A remarkable consensus has emerged among industry and civil liberties groups on the right and the left about the need for ECPA reform, leading to the creation last year of the Digital Due Process Coalition to press Congress to update ECPA. The coalition includes Microsoft, AT&T, Intel, Salesforce, Facebook and Google and groups as diverse as CDT, the ACLU, EFF, Freedom Works and Americans for Tax Reform. If these strange bedfellows can find common ground on ECPA reform, Congress should be able to do it as well.
3) The PROTECT IP Act (PIPA)
PIPA aims to target websites that enable copyright and trademark infringement, a goal worthy of congressional attention.
Encouragingly, PIPA is an improvement over similar legislation introduced last session; among other things, it does not lay the burden of blocking infringing websites on domain names registries and registrars.

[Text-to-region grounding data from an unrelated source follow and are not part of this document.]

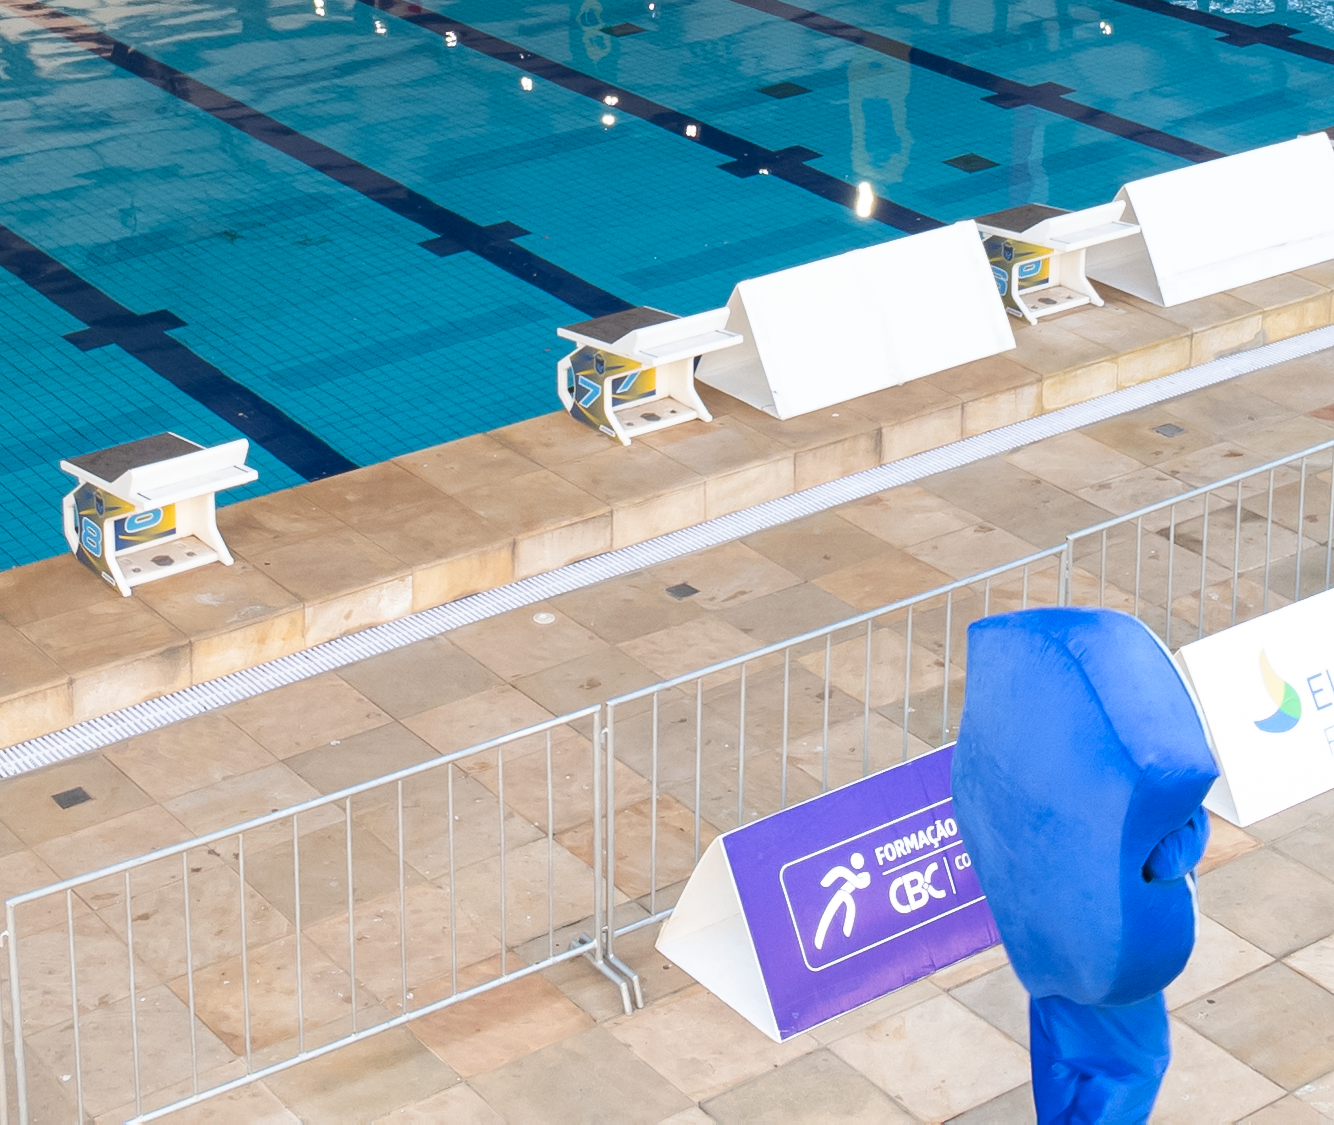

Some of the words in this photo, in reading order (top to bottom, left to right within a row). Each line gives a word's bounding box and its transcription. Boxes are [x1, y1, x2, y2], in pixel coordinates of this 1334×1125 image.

[578, 374, 602, 409] 7
[81, 516, 103, 559] 8
[874, 817, 958, 866] FORMAÇÃO
[888, 861, 947, 914] CBC
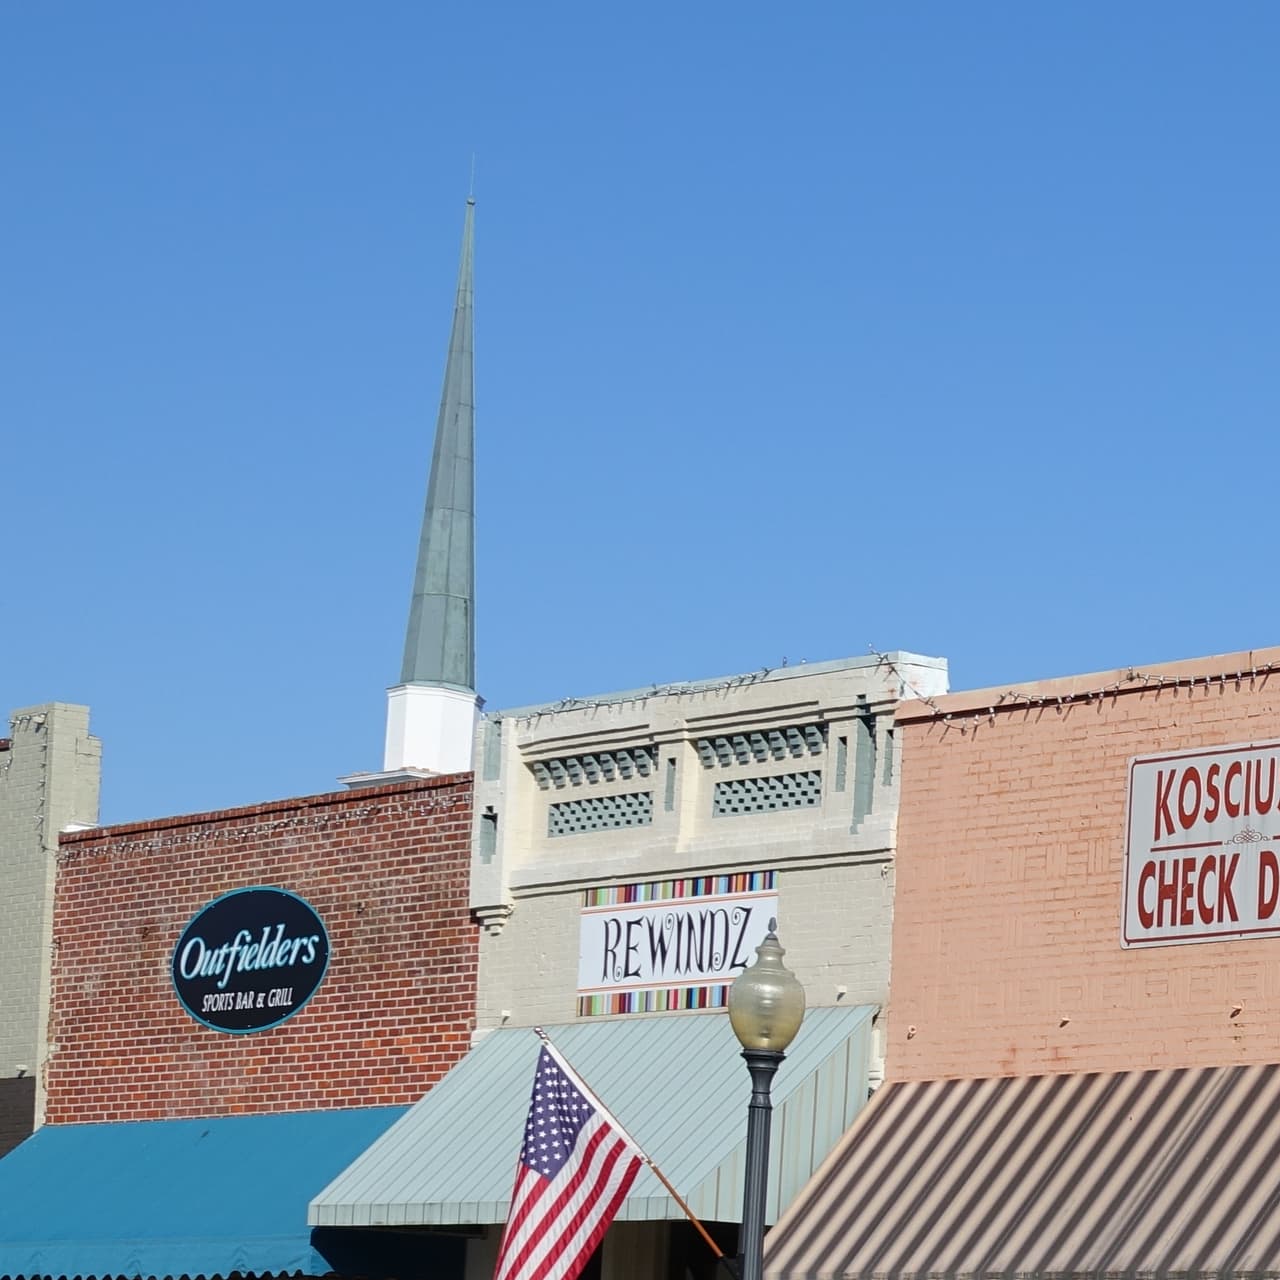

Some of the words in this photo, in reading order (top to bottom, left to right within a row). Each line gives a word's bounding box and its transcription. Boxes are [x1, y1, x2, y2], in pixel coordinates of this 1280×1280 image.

[1137, 852, 1241, 930] CHECK
[179, 923, 320, 990] Outfielders
[601, 906, 754, 984] REWINDZ
[201, 992, 236, 1013] SPORTS
[235, 990, 254, 1011] BAR
[256, 992, 266, 1009] &
[267, 987, 294, 1008] GRILL

But PIPA does require Internet service providers (ISPs) to block domain name lookup requests of sites found to be infringing. This is no small thing. It would cross a line that U.S. law has thus far eschewed: government mandated ISP blocking and filtering.
Experts agree that the law won't be effective and may harm security. A group of noted technologists in the domain name space have warned that if PIPA becomes law it could undermine the security of the domain name system. That ought to be enough to get Congress to move cautiously in this area.
4) Data Retention
In July, the House Judiciary Committee passed a bill titled the "Protecting Children from Internet Pornographers Act."

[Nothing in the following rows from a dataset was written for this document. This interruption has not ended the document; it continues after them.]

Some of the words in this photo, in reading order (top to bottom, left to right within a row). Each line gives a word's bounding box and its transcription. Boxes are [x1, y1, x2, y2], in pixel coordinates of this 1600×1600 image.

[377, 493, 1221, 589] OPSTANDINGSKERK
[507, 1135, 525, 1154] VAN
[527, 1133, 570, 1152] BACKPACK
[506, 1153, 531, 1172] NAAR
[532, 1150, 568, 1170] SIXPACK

Despite its name, the bill has little if anything to do with porn and everything to do with the privacy of Internet users. The bill would require those who offer Internet service for a fee -- wireless and wire line ISPs, hotels, coffee shops and others -- to retain the IP addresses of each of their customers (not just those suspected of child pornography) and the data would be available to all government agents for all investigations, not just those related to child pornography.
One congresswoman on the Judiciary Committee proposed changing the name of bill to the "Keep Every American's Digital Data for Submission to the Federal Government Without a Warrant Act." Elsewhere, it has been called the "Legislation That Could Kill Internet Privacy for Good."
The bill has its share of congressional critics and there was strong bi-partisan opposition to the bill in the committee, including the chairman of the crime subcommittee, Rep. James Sensenbrenner, R-Wis., who argued, "It should be defeated and put in the dustbin of history."
The European Union has had a wildly unpopular data retention law for several years; the law has been successfully challenged on constitutional or human rights grounds in three national courts (in Germany, Romania and the Czech Republic). With that powerful precedent before them and strong opposition among influential House members, maybe the House leadership will think twice before bringing the bill to the floor.